[Start of Attachment]

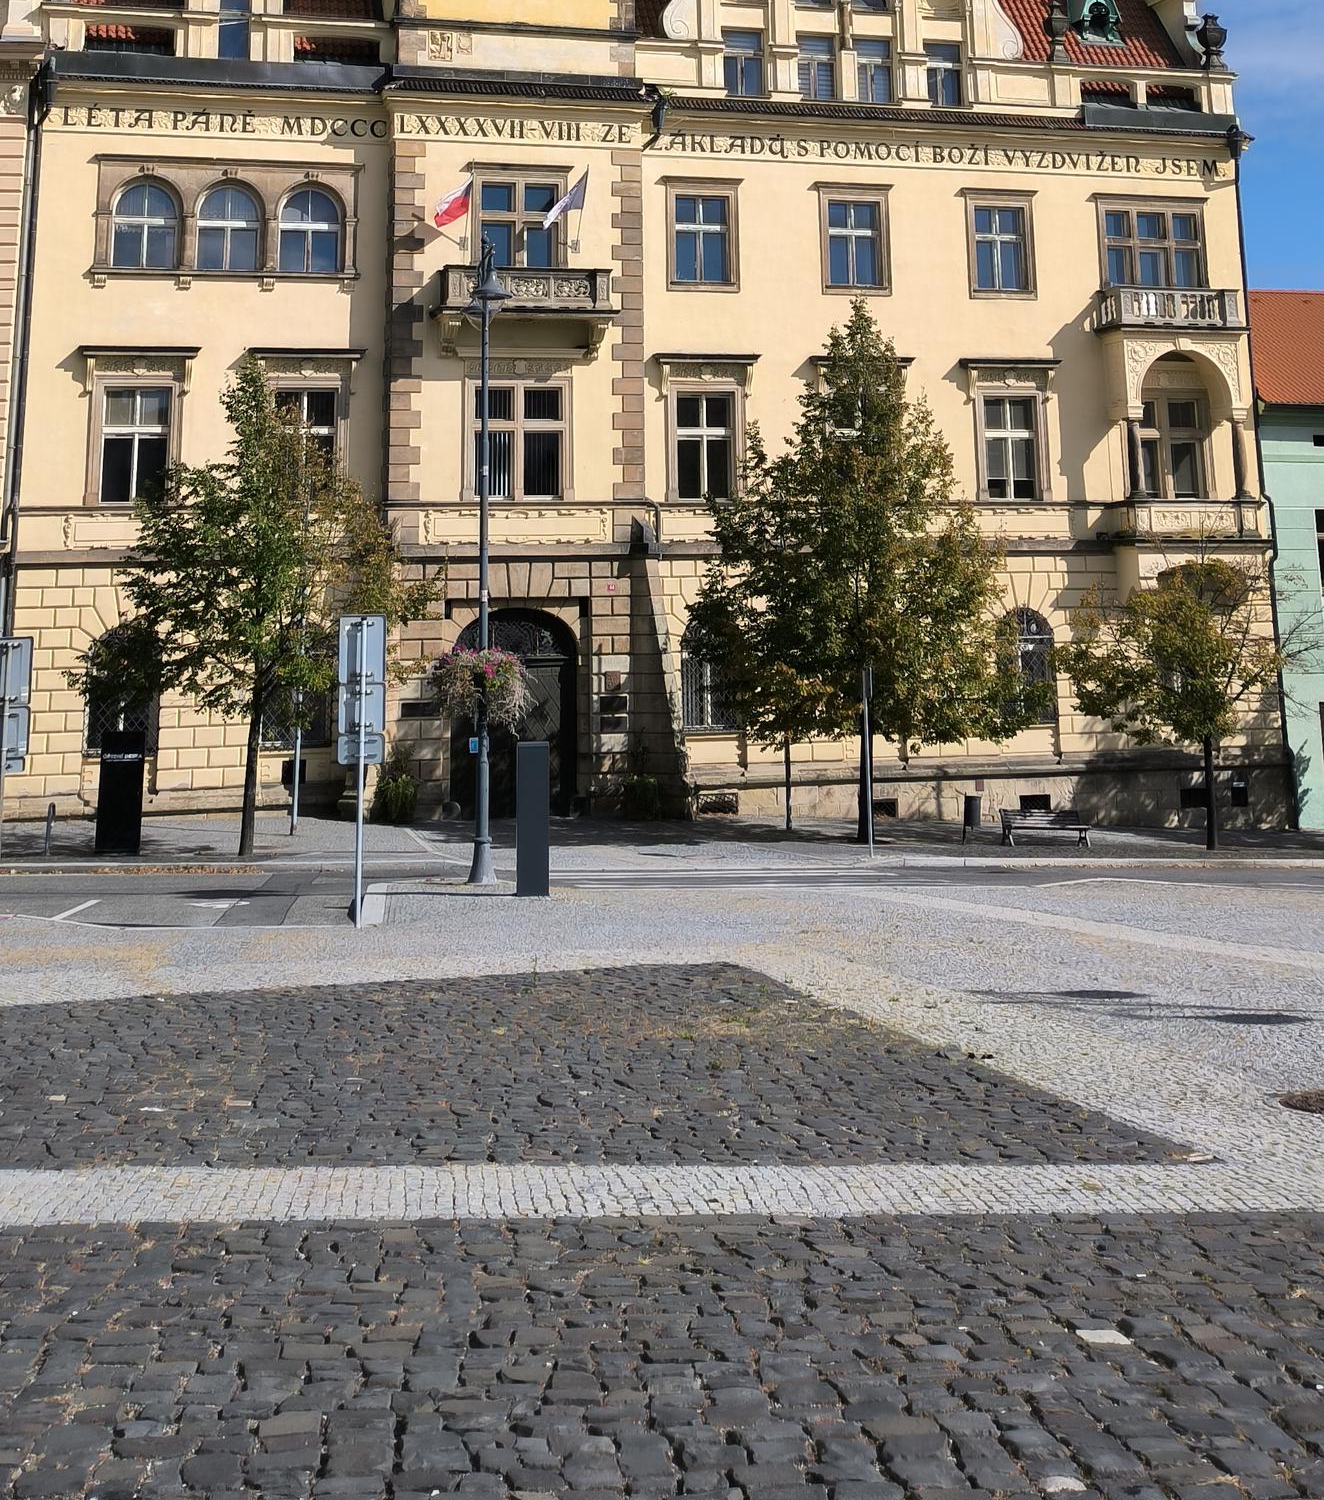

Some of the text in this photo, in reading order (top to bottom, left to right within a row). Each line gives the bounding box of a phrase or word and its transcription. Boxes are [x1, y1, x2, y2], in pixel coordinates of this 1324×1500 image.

[62, 102, 154, 130] LÉTA
[172, 108, 256, 134] PÁNĚ
[599, 123, 631, 144] ZE
[796, 138, 809, 157] S
[819, 140, 922, 163] POMOCÍ
[932, 143, 990, 166] BOŽÍ
[1003, 149, 1141, 173] VYZDVIŽEN

[End of Attachment]

» **Task to complete**: What is needed is a verbatim copy of the entries, leaving out any pictures.

» **Exercise solution**:
Some of the text in this photo, in reading order (top to bottom, left to right within a row). Each line gives the bounding box of a phrase or word and its transcription. Boxes are [x1, y1, x2, y2], in pixel coordinates of this 1324×1500 image.

[62, 102, 154, 130] LÉTA
[172, 108, 256, 134] PÁNĚ
[599, 123, 631, 144] ZE
[796, 138, 809, 157] S
[819, 140, 922, 163] POMOCÍ
[932, 143, 990, 166] BOŽÍ
[1003, 149, 1141, 173] VYZDVIŽEN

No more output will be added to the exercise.